USA : les évêques condamnent la dérive "despotique" de l’administration Obama
Le 27 février dernier, le gouvernement américain annonçait son intention de supprimer la « clause de conscience » pour les personnels de santé : la précédente administration avait mis en place cette disposition pour protéger légalement les médecins ou les infirmières ne souhaitant pas contribuer à un avortement par exemple, pour des raisons morales ou religieuses. Si cette clause de conscience était abolie, les personnes concernées pourraient être contraintes d’agir sous peine de poursuites judiciaires.
Le cardinal Francis George, président de la conférence épiscopale catholique des Etats-Unis, a vivement réagi à cette annonce dans un message vidéo. « Nous avons besoin de protection légale pour la liberté de conscience et de religion », assure-t-il avant de rappeler que l’objection de conscience existe dans la loi pour les citoyens refusant de faire la guerre, ou encore pour les médecins refusant d’administrer la peine de mort : il n’y a pas de raison, dit-il, pour qu’elle ne concerne pas toutes les situations où « un membre vivant de la famille humaine est tué », y compris donc l’avortement. « Aucun gouvernement ne doit pouvoir se mettre entre une personne et Dieu », affirme encore le cardinal, qui appelle les catholiques américains à se mobiliser pour empêcher le gouvernement de supprimer cette clause.

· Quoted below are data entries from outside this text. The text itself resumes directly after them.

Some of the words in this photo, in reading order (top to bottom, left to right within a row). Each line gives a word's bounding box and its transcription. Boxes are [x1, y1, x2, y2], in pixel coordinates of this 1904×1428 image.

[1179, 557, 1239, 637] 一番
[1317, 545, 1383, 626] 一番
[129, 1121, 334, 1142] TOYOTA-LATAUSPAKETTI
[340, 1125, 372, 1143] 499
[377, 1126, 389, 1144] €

L’archevêque lance également un vif avertissement à Barack Obama, n’hésitant pas à déclarer : « Comme évêques catholiques et citoyens américains, nous sommes profondément inquiets : une telle décision gouvernementale serait le premier pas conduisant notre démocratie au despotisme. » Ce nouvel épisode intervient après la réouverture (en janvier) du financement d’organisations pratiquant l’avortement à l’étranger dans le cadre de l’aide au développement, et l’autorisation (en mars) d’utiliser des fonds publics pour la recherche sur les cellules souches embryonnaires : le ton se durcit entre l’Église et la nouvelle administration, dont les divergences de positions apparaissent à présent au grand jour. Et ce n’est sans doute que le début.

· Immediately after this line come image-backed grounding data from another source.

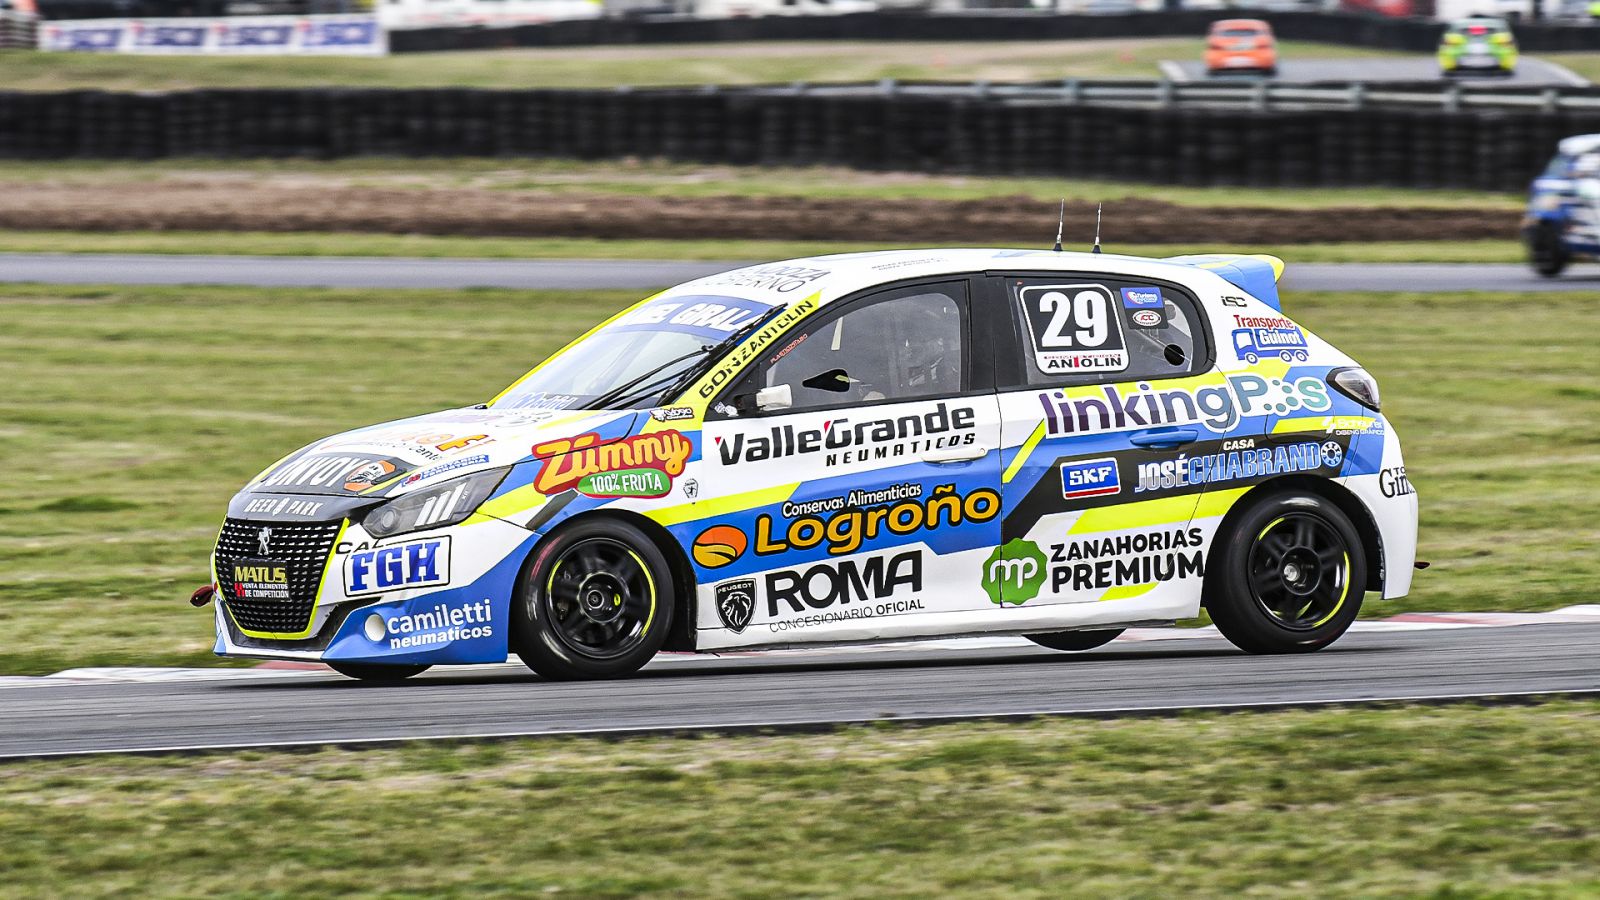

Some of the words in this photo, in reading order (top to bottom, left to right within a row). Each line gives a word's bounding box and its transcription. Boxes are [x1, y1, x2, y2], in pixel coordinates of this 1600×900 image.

[1039, 290, 1109, 347] 29
[1233, 314, 1294, 330] Transporte
[826, 432, 976, 467] NEUMATICOS
[1223, 438, 1255, 451] CASA
[589, 473, 621, 494] 100%
[622, 472, 664, 493] FRUTA
[1069, 465, 1113, 486] SKF
[285, 500, 324, 517] PARK
[782, 497, 845, 519] Conservas
[847, 482, 922, 507] Alimenticias
[755, 485, 1001, 555] Logroño
[1050, 527, 1202, 563] ZANAHORIAS
[234, 566, 286, 583] MATUS
[350, 541, 441, 591] FGH
[765, 550, 922, 617] ROMA
[1052, 550, 1204, 594] PREMIUM
[245, 590, 252, 598] DE
[717, 582, 753, 594] PEUGEOT
[386, 598, 493, 635] camiletti
[769, 606, 873, 633] CONCESIONARIO
[875, 598, 925, 618] OFICIAL
[390, 625, 493, 650] neumaticos

Certains chrétiens sont tentés de considérer les propos du cardinal comme trop virulents envers Obama, qui a par ailleurs entrepris des avancées sans précédent dans le domaine social ; mais ce n’est pas parce qu’il lutte contre la pauvreté qu’on peut l’absoudre pour le reste : l’Église catholique défend la vie humaine sous toutes ses formes. A.-L.L. B.